Corswain risked another glance over the wall, but saw no sign of Sevatar or Sheng. They’d gone to ground in the foundations of the fortress, out of sight but not out of mind.
‘No. We need to move. You won’t be able to maintain a recall lock.’
Alajos stared around the stone column. ‘Let’s go.’
Corswain followed, keeping low, trusting the wind’s roar to mask the sounds of his boots on the ground.
XI
THE PRIMARCHS DUELLED, heedless of their sons’ hunt. The Lion’s blade wove an exquisite dance, while pain acted as Curze’s catalyst. The Night Lord ignored the bloody wound in his belly, letting his arcane genetics quickly seal the injury shut. He fought as he always fought – like a killer backed into a corner. Brutal scythes slashed from their housings on the back of the primarch’s oversized gauntlets, and the air rang with the clash of metal against metal, with the fizzing crack of opposing power fields.
The Lion wrenched his blade back, the silver steel breaking through the air in lashing chops, blurring into a crescent that reflected the moons above. Each carving strike crashed against Curze’s blocking claws. Both warriors moved beyond mortal capability, with speed that defied sight. Yet one was a knight, the other merely a murderer. Curze’s grin was a brittle facade at the best of times. Now it turned to glass.
‘We never sparred, did we?’ the Lion sounded almost bored, his words still carrying over the vox. Every few seconds would see a new cut ripped open in Curze’s armour or slashed across his face. He was fast enough to avoid death at the Lion’s hands, but not skilful enough to flawlessly defend against every attack.
‘I never cared for swords,’ Curze weaved under the carving blade, thrusting out with both claws. The Lion tilted back, his balance executed to preternatural perfection. Curze’s claws shredded the ivory tabard, barely scratching the layered ceramite beneath.
‘There exists nothing of elegance inside you.’ The Lion turned the blade in his hands, parrying another dual-claw strike with his single blade. ‘And nothing of loyalty. For a time, I considered you my truest brother. No others grew untouched by civilisation, only you and I.’
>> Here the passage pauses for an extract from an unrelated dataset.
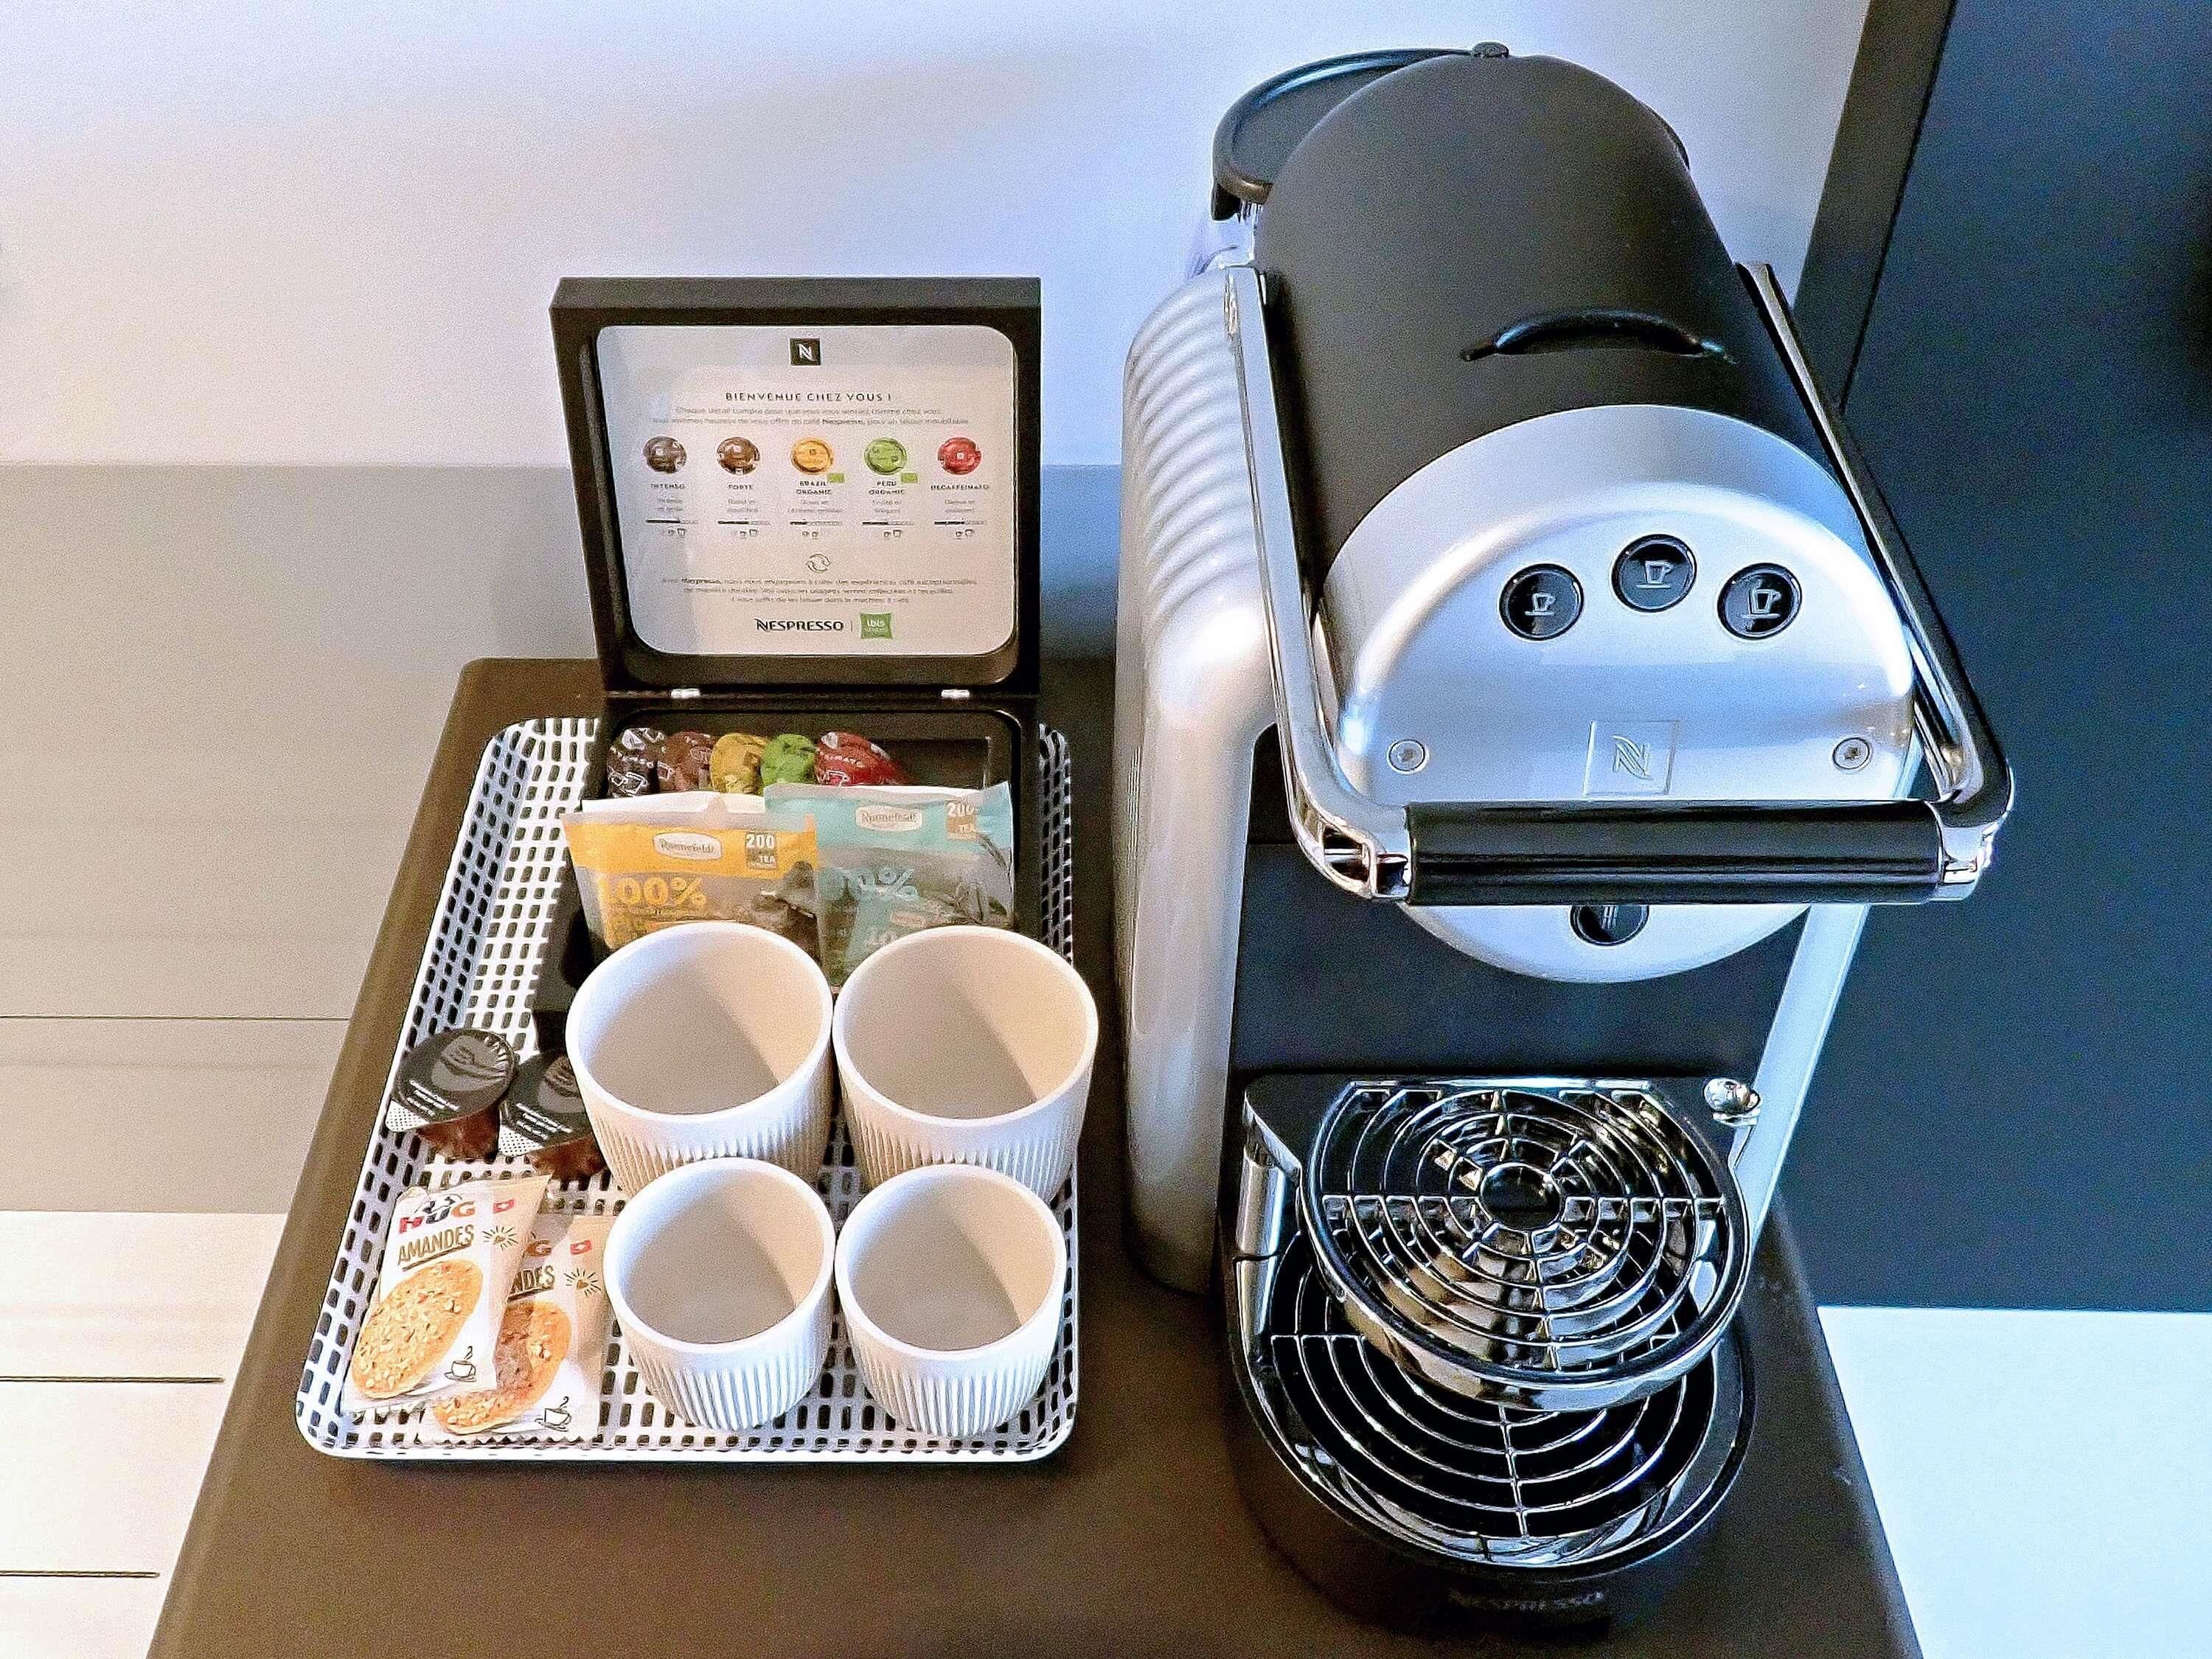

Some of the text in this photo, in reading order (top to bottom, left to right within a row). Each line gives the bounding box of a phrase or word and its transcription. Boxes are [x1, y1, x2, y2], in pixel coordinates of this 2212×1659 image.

Curze licked his sharpened teeth, eyes narrowed with effort. ‘You should be with us, brother. Even your own Legion senses it. The First Legion’s strife is not unknown to the Warmaster.’
‘There is no strife.’
Their blades locked in that moment, Curze catching the Lion’s sword in the net of his linked claws.
‘No?’ The Night Lord spat the word as a curse. ‘No risk of the fair Angels falling? When did you last walk upon the soil of Caliban, oh proud one?’
The Lion smiled – the first time Curze had ever seen it – but the movement of his brother’s lips still did nothing to warm his statuesque visage. Stone gave off more warmth than that smirk. He gave no answer beyond the smile.
Curze returned it, just as insincere, just as lifeless. In that moment, he stopped fighting, ceased his measured duelling, and leapt at his brother with a howl. Where the warring primarchs had represented the pinnacle of human possibility in warfare, now the Lion’s poise, skill and grace counted for nothing. They brawled as brothers, rolling across the ground, hands at each other’s throats.
When the tumbling ended, Curze knelt atop the Lion. Pinkish saliva sprayed from his pale lips as he bore down on his brother, claws clasped to strangle, to inflict that most slow and intimate of murders, when slayer and slain stare into each other’s eyes.
‘Die,’Curze breathed. Desperation ruined his voice, rasping it from bleeding lips. ‘You should never have survived that tainted world you call home.’
The Lion’s armoured hands grasped his brother’s throat in mirror response, but the Night Lord’s advantage was crystal clear. Curze shook the Lion’s neck in his fists, cracking his brother’s head against the rocky ground again and again and again.
‘ Die now, brother. History will be kinder to you this way.’